The results of their study, "Macrophage/Microglial Accumulation and Proliferating Cell Nuclear Antigen Expression in the Central Nervous System in Human Immunodeficiency Virus Encephalopathy," was published in the June issue of the American Journal of Pathology [June 2004; Volume 164, Number 6] (http://ajp.amjpathol.org/). The study was funded by the National Institute of Neurodegenerative Disorder and Stroke and the Howard Hughes Medical Institute.

"Basically, one of the longstanding models for how HIV causes dementia is the 'Trojan Horse' model," says Jay Rappaport, Ph.D., a professor of biology at the Center, who led the study. "According to this model, early during HIV infection, there may be a few macrophages that are infected and get into the brain and establish an infection in the resident microglia [long-term resident macrophages of the brain]. Then, late in the disease, there's a resurgence of the HIV virus from the macrophages." Rappaport and his collaborators believe that this longstanding theory does not hold true, that the early invasion of HIV-infected macrophages are controlled and cleared away by the body's immune system.

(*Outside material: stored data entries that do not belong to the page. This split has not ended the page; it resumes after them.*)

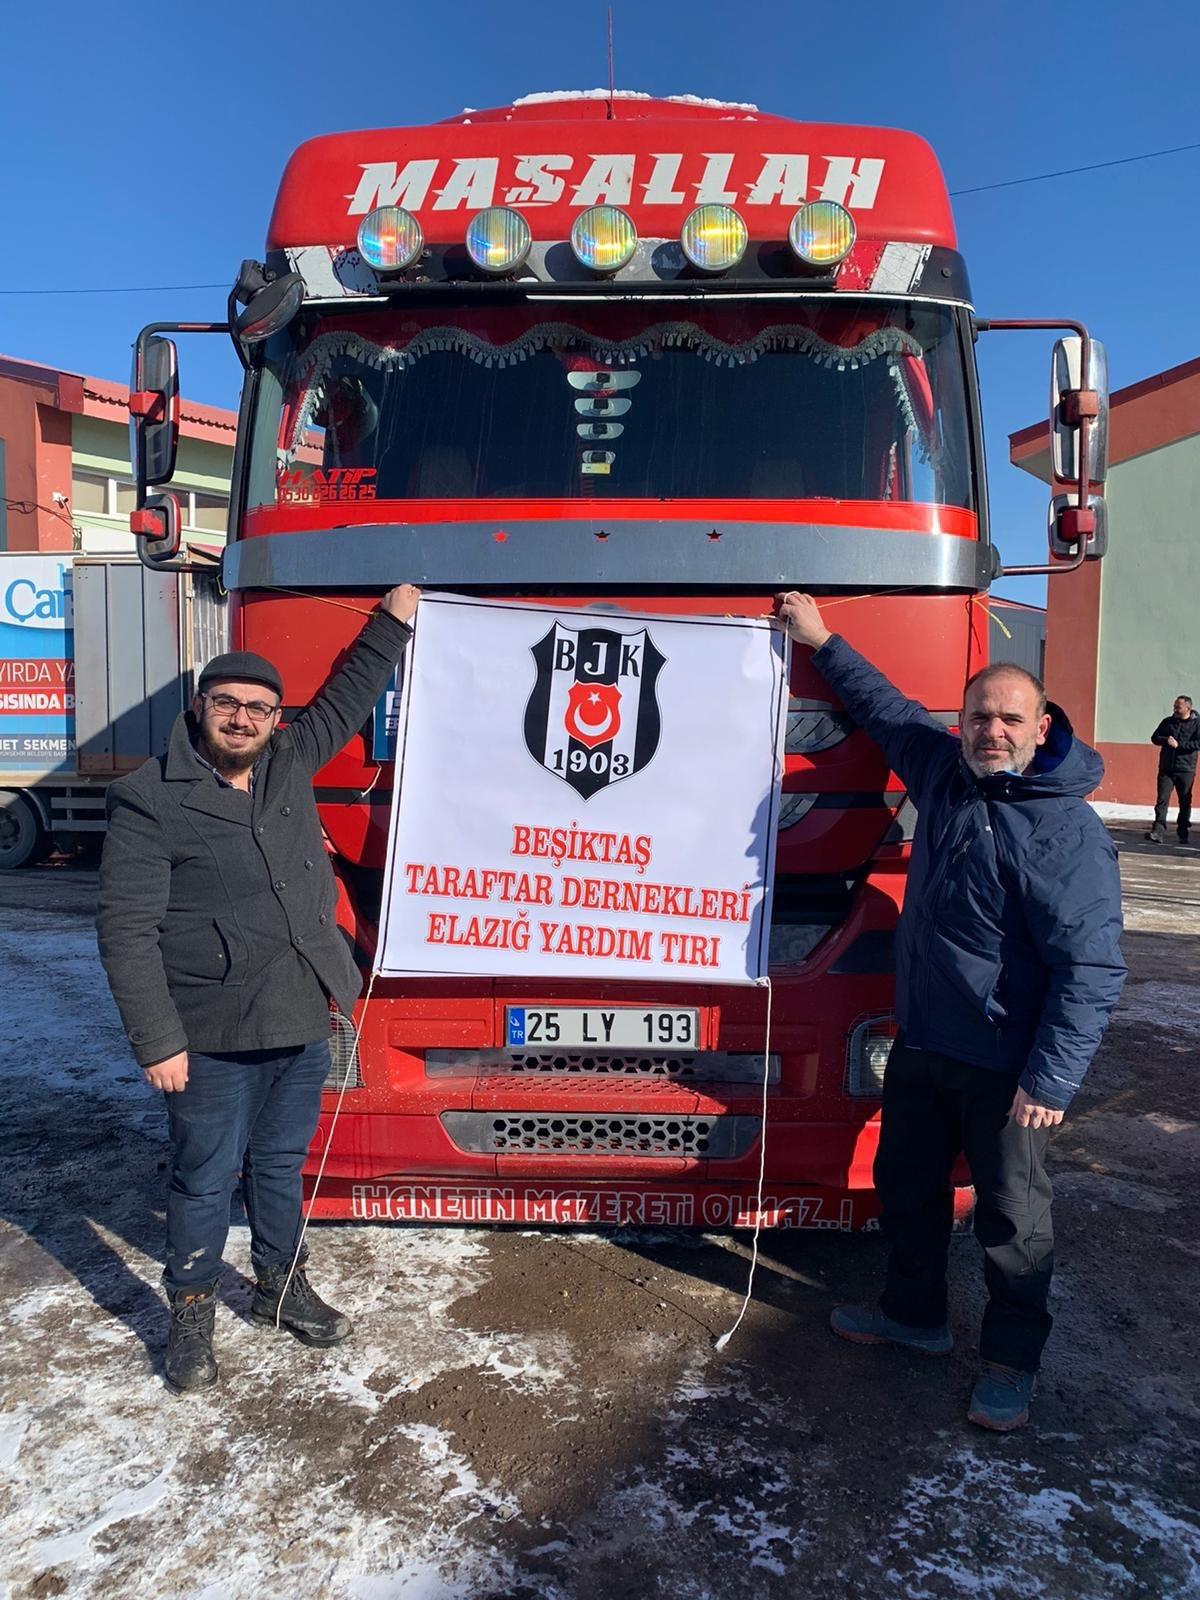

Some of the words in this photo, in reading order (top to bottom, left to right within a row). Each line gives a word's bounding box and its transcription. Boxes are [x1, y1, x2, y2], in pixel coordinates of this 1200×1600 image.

[554, 638, 641, 678] BJK
[0, 739, 18, 751] ET
[553, 749, 629, 776] 1903
[512, 820, 652, 874] BEŞİKTAŞ
[405, 863, 552, 906] TARAFTAR
[560, 876, 752, 922] DERNEKLERİ
[426, 911, 531, 952] ELAZIĞ
[539, 921, 654, 962] YARDIM
[661, 931, 720, 968] TIRI
[511, 1030, 524, 1039] TR
[527, 1013, 560, 1041] 25
[582, 1013, 615, 1042] LY
[643, 1013, 691, 1043] 193
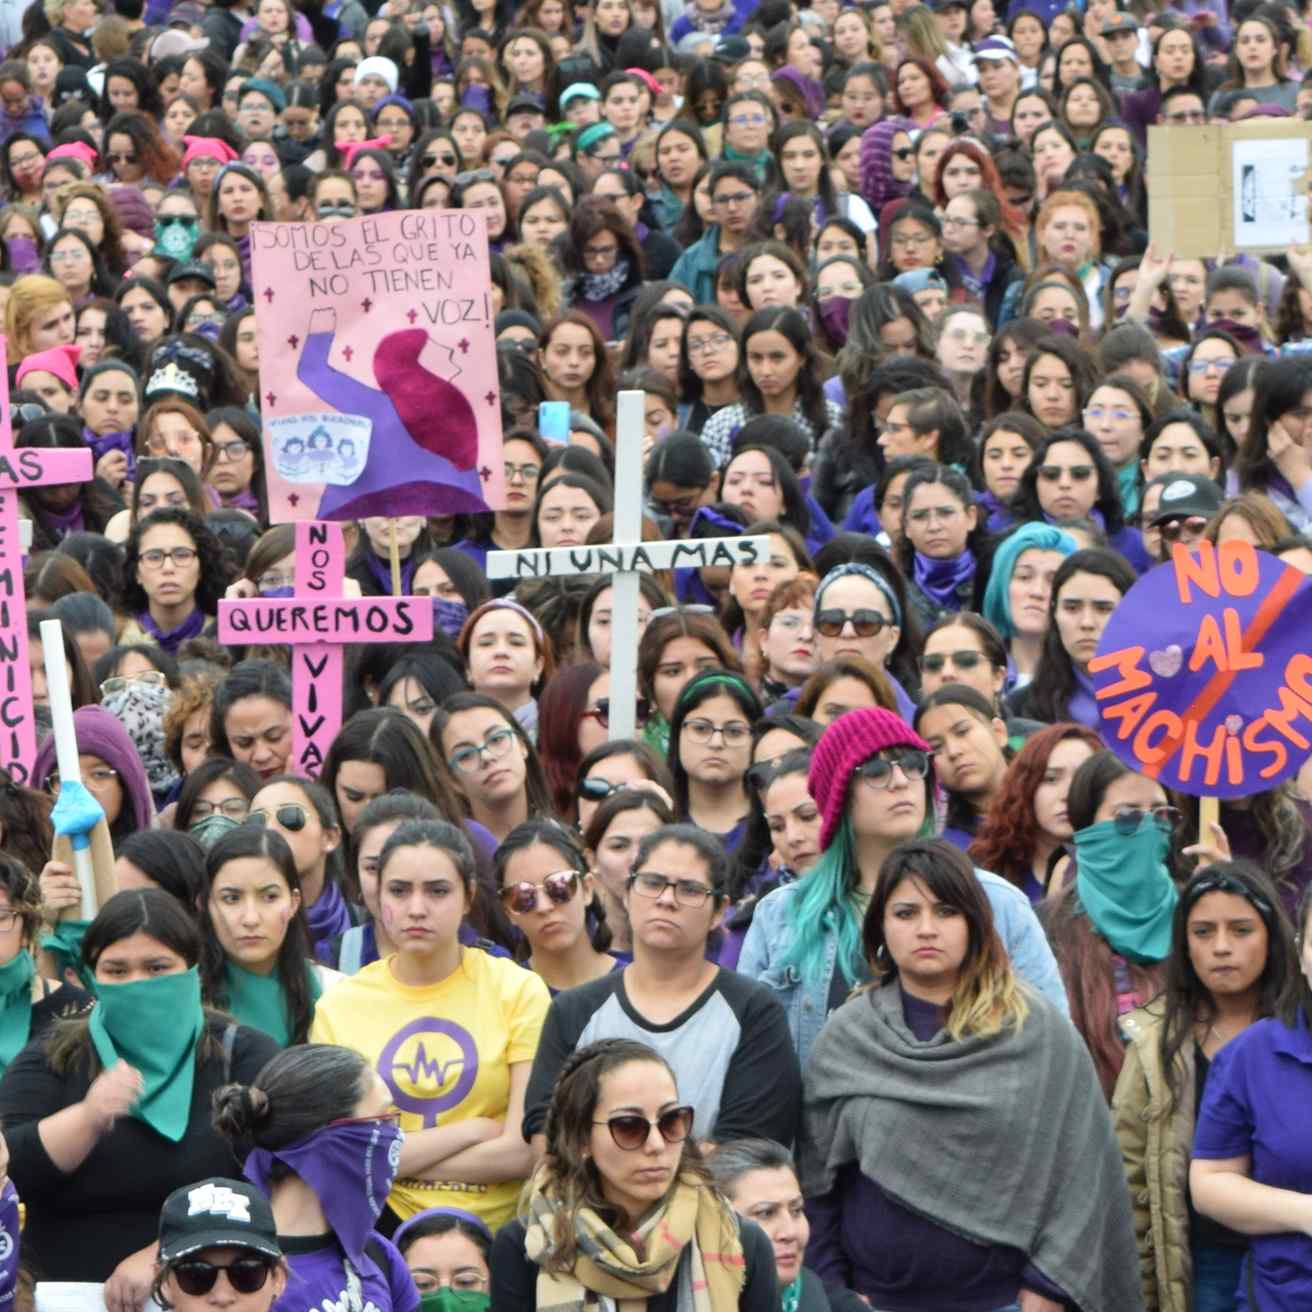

"Late during AIDS, which is when most HIV patients develop dementia, there is a second--or late--invasion of infected macrophages which is not a 'Trojan Horse' but a 'Trojan Herd,'" says Rappaport. "It's not just a few cells, but a huge number invading the brain." Using markers, or antibodies, that can distinguish macrophages from resident microglia, the researchers were able to quantify the number of cells that appear to be macrophages and are producing the HIV virus.

"We found that there is about a 15- to 20-fold increase in the number of total macrophages in the brain during HIV dementia," Rappaport says. "Why are there so many cells? We believe that the perivascular cells [macrophages around the blood vessels], as they invade further into the brain, adapt to their location and take on the functional characteristics of the resident migroglia. "They're then activated and there are many more of them," he adds.

Rappaport and his colleagues also looked at proliferation markers such as Ki67, but ruled out proliferation as being responsible for the increased number of infected cells.

"This study debunks the 'Trojan Horse' model, it debunks the theory of a long latency in the brain by the infected cells," concludes Rappaport. "It suggests that trafficking of the macrophages late in infection is really responsible for dementia in HIV patients."

Rappaport has recently received a five-year, $2 million grant from the National Institutes of Health to continue exploring the trafficking of HIV-infected macrophages, not only in the brain, but in other organs of the body, and their role in the development of dementia in AIDS patients.